Question

A new production system for a factory is to be purchased and installed for $132,625. This system will save approximately 300,000 kWh of electric power each year for a 6-year period. Assume the cost of electricity is $0.10 per kWh, and factory MARR is 15% per year, and the salvage value of the system will be $8,351 at year 6. Using the AW method to analyzes if this investment is economically justified

A- calculate the AW of the above investment and insert the result below.

B- Based on the AW value you got in the previous question, is this investment economically justified or not? type you explanation below

Answer 1

Solution:

Given,

Initial investment (P) = $132,625

Approximate electricity power to be saved every year =  300,000 kWh

Cost of electricity = $0.10 per kWh

Therefore, annual saving (C) = 300,000 x 0.10

= $ 30,000

MARR (i)= 15% per year

Life of the system (n) = 6 years

Salvage value of the system at the 6th year (S)= $8,351

The cashflow diagram is as follows:

A) We know that the annual worth (AW) method is commonly used for comparing alternatives. AW means that all incomes and disbursements are converted into an equivalent uniform annual (end-of-period) amount, which is the same each period.
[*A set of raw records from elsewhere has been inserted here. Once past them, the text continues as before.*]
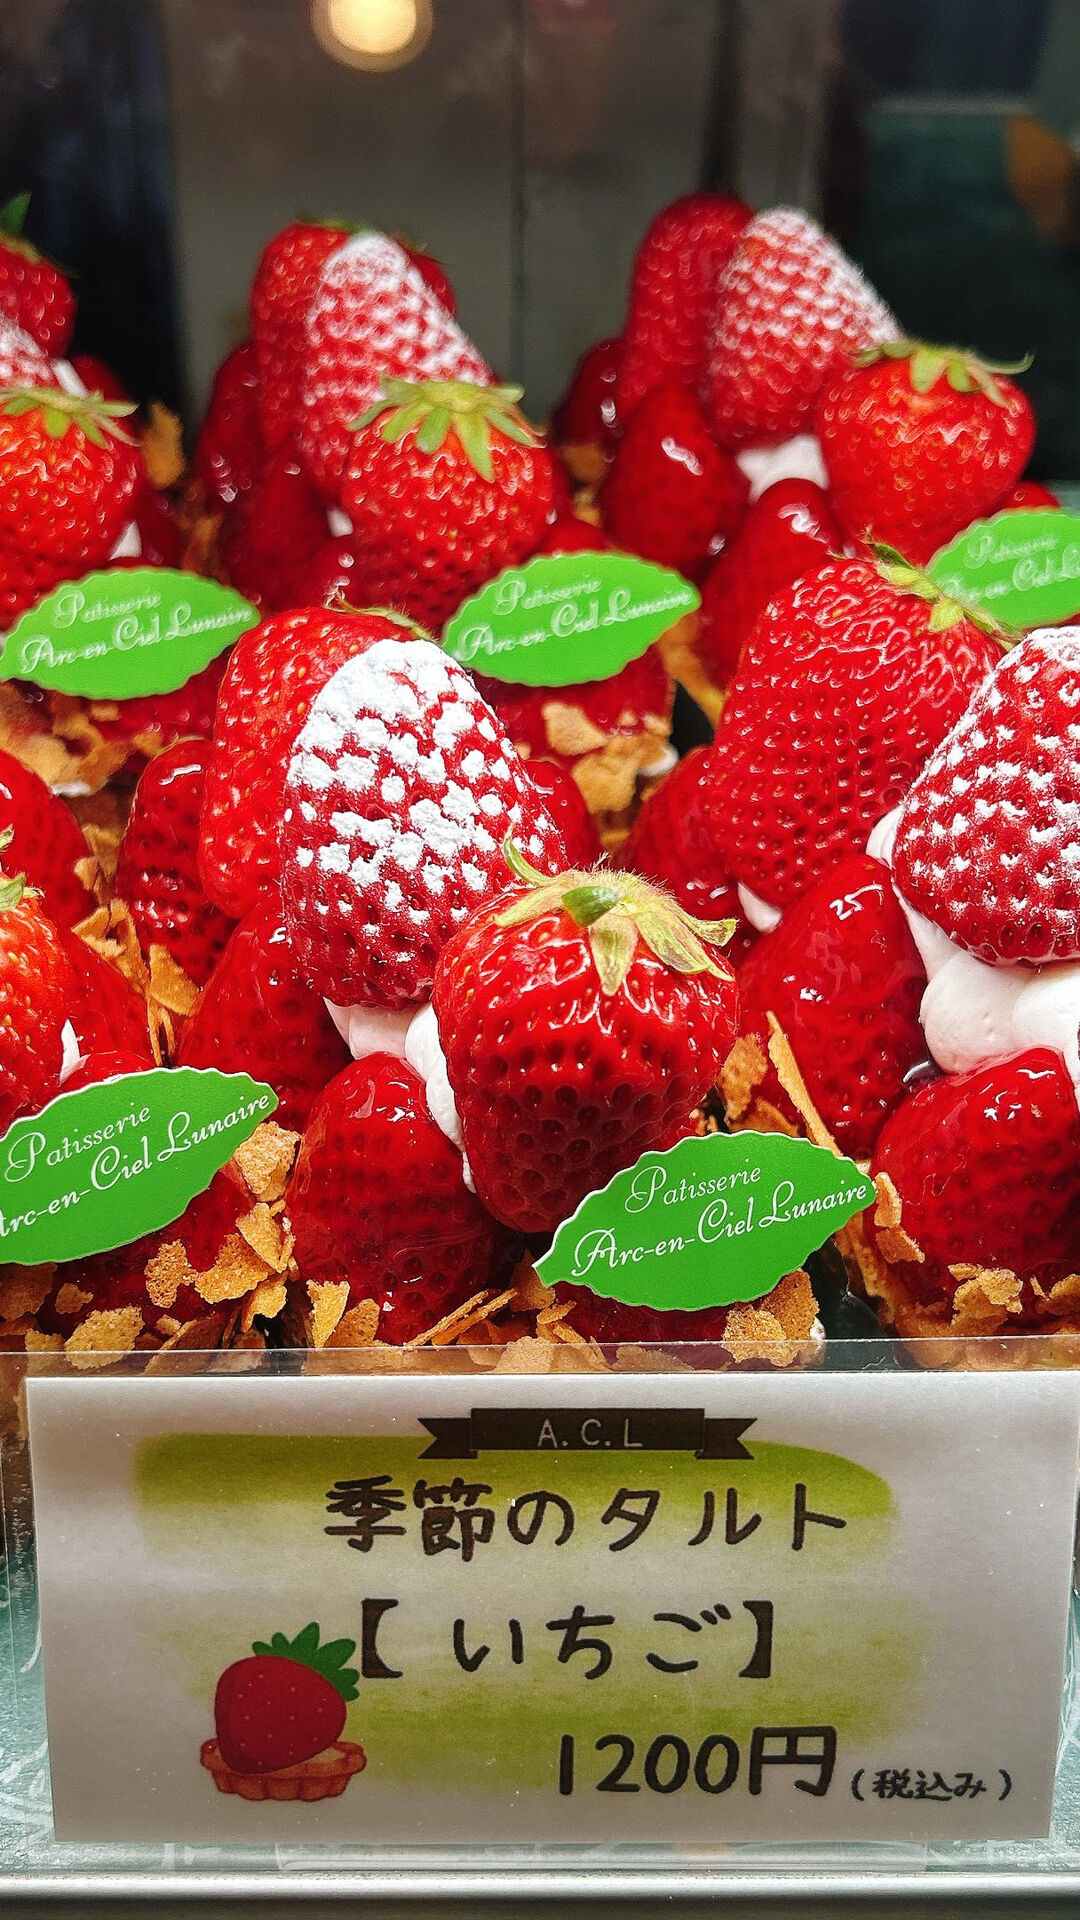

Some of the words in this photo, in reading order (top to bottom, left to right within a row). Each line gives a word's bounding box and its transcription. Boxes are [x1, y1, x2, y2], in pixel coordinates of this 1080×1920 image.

[53, 588, 162, 629] Patisserie
[492, 573, 601, 616] Patisserie
[602, 588, 693, 626] Lunaire
[19, 612, 162, 674] Arc-en-Ciel
[165, 600, 253, 641] Lunaire
[0, 1136, 153, 1237] rc-en-Ciel
[157, 1095, 270, 1162] Lunaire
[4, 1101, 151, 1183] Patisserie
[625, 1158, 761, 1213] Patisserie
[571, 1197, 754, 1277] Arc-en-Ciel
[758, 1180, 867, 1227] Lunaire
[323, 1475, 847, 1562] 季節のタルト
[362, 1598, 774, 1679] 【いちご】
[559, 1725, 837, 1796] 1200円
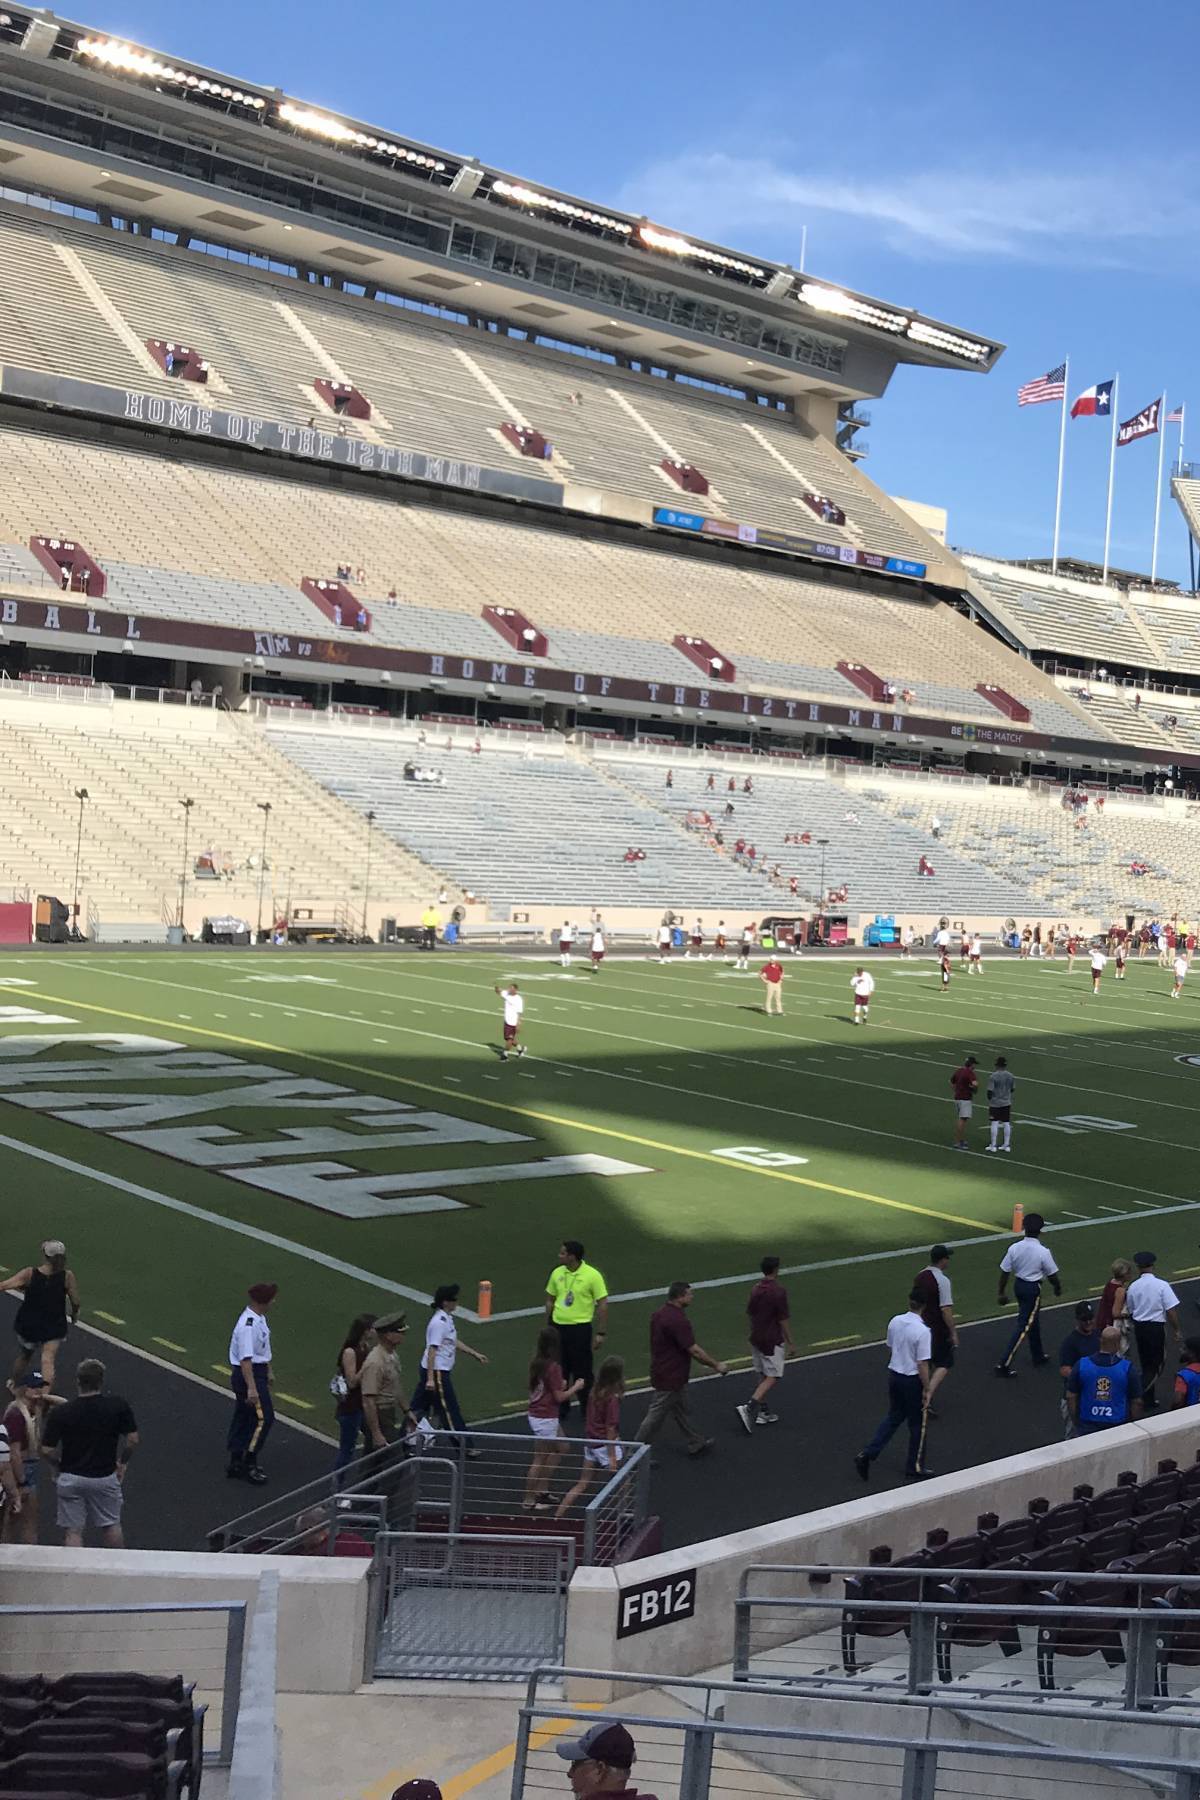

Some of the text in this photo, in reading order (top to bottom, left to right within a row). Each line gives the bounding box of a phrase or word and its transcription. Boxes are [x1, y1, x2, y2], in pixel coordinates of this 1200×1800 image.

[125, 391, 480, 489] HOME OF THE 12TH MAN
[431, 655, 903, 731] HOME OF THE 12TH MAN
[951, 725, 1021, 744] BE THE MATCH
[1014, 1114, 1139, 1134] 10
[709, 1146, 810, 1167] G
[1091, 1406, 1113, 1417] 072
[622, 1579, 691, 1628] FB12
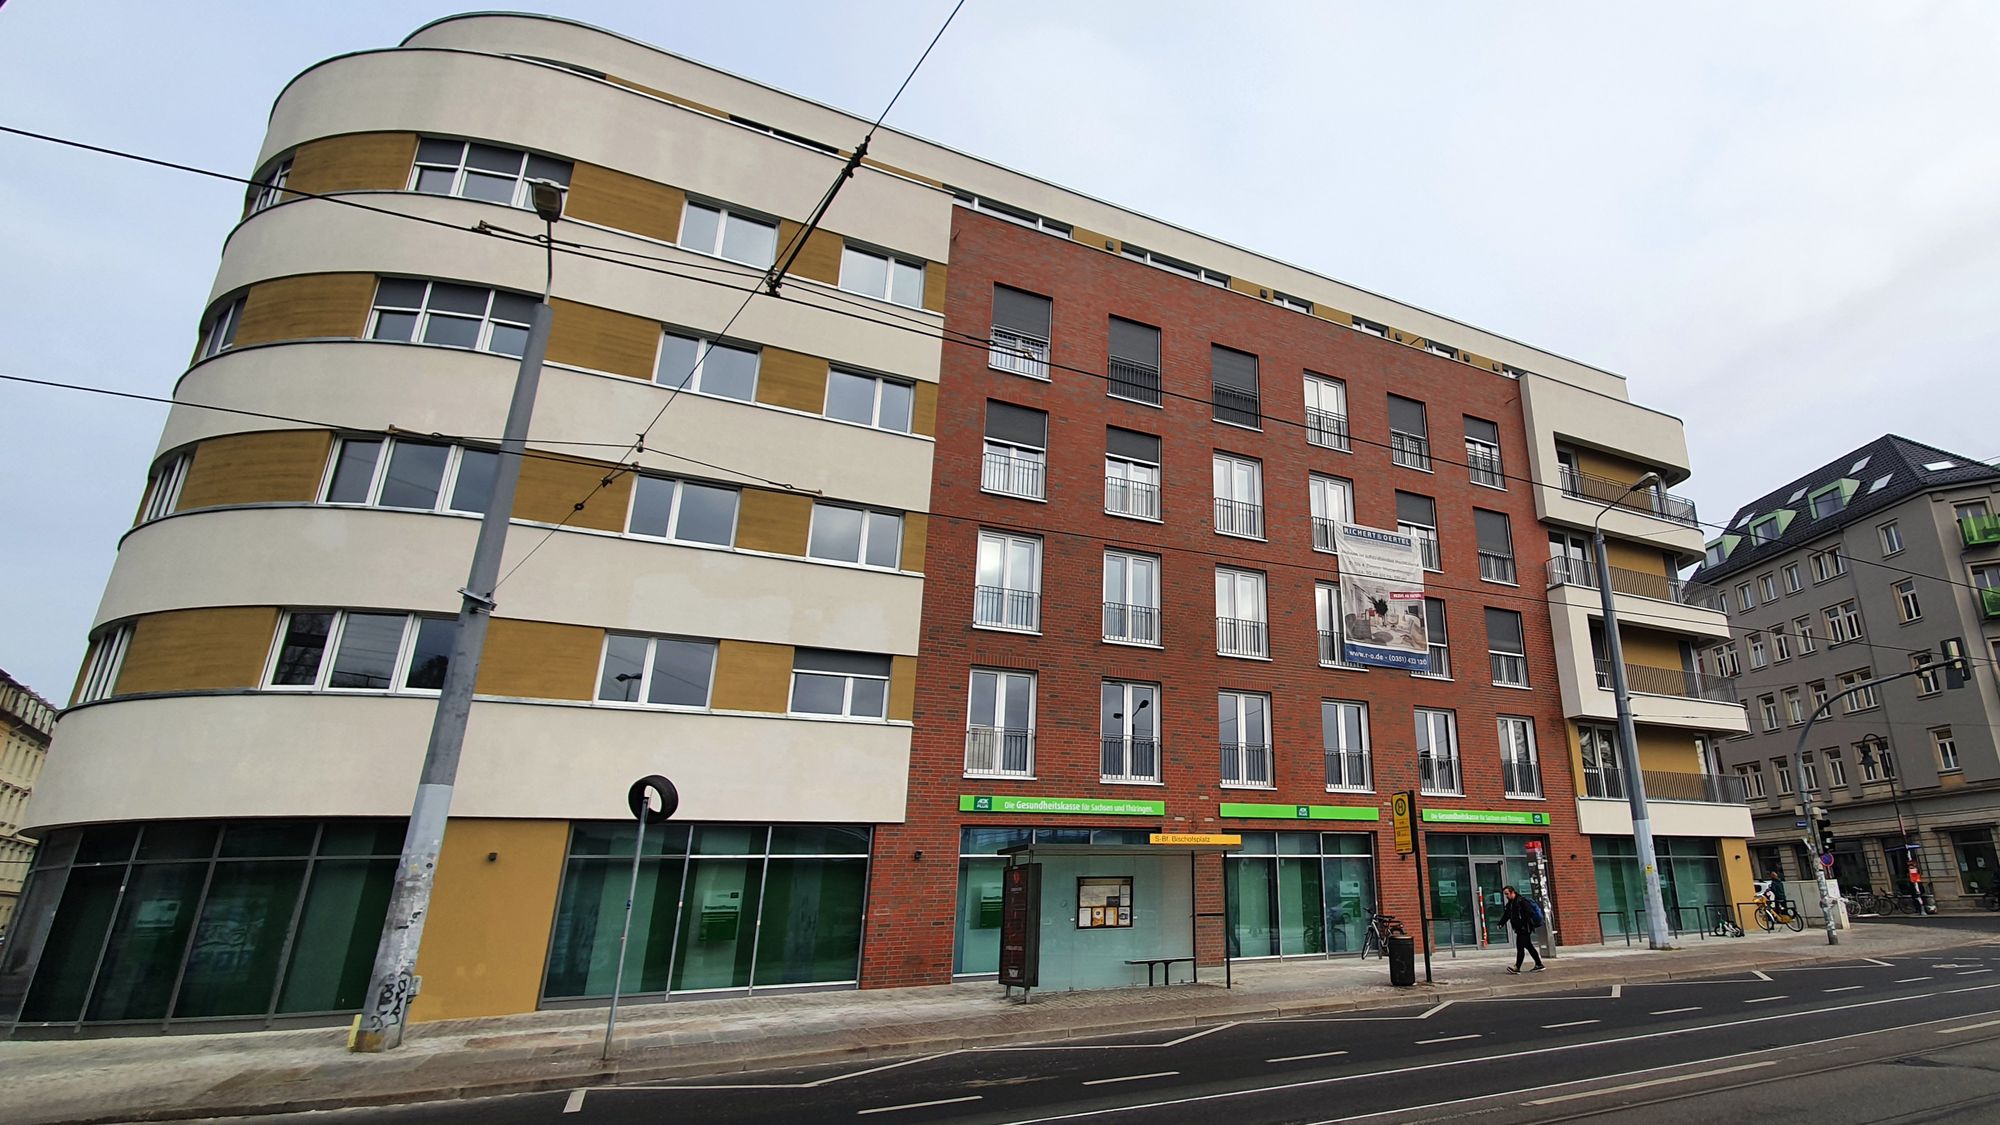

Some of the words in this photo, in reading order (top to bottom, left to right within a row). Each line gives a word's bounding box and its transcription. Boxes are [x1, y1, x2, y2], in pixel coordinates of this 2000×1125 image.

[1344, 527, 1376, 538] RICHERT
[1383, 534, 1410, 545] OERTEL
[1349, 650, 1383, 660] www.r-o.de
[1004, 801, 1015, 809] Die
[1016, 800, 1080, 811] Gesundheitskasse
[1081, 802, 1090, 811] für
[1091, 804, 1113, 812] Sachsen
[1114, 804, 1125, 812] und
Therefore, AW = -P (A/P, i, n) + C + S (A/F, i, n)

= -132,625(A/P, 15%, 6) + 30,000 + 8,351 (A/F, 15%, 6)

= (-132,625 x 0.2642) + 30,000 + (8,351 x 0.1142)

= -35,039.525 + 30,000 + 953.6842

= -$4,085.8408

= -$4,085.84

B) Based on the AW value in the previous question, is this investment economically not justified because the anuual worth obtained is a negative value. So it means that the by installing the machine, the factory will incur annual loss $4,085.84.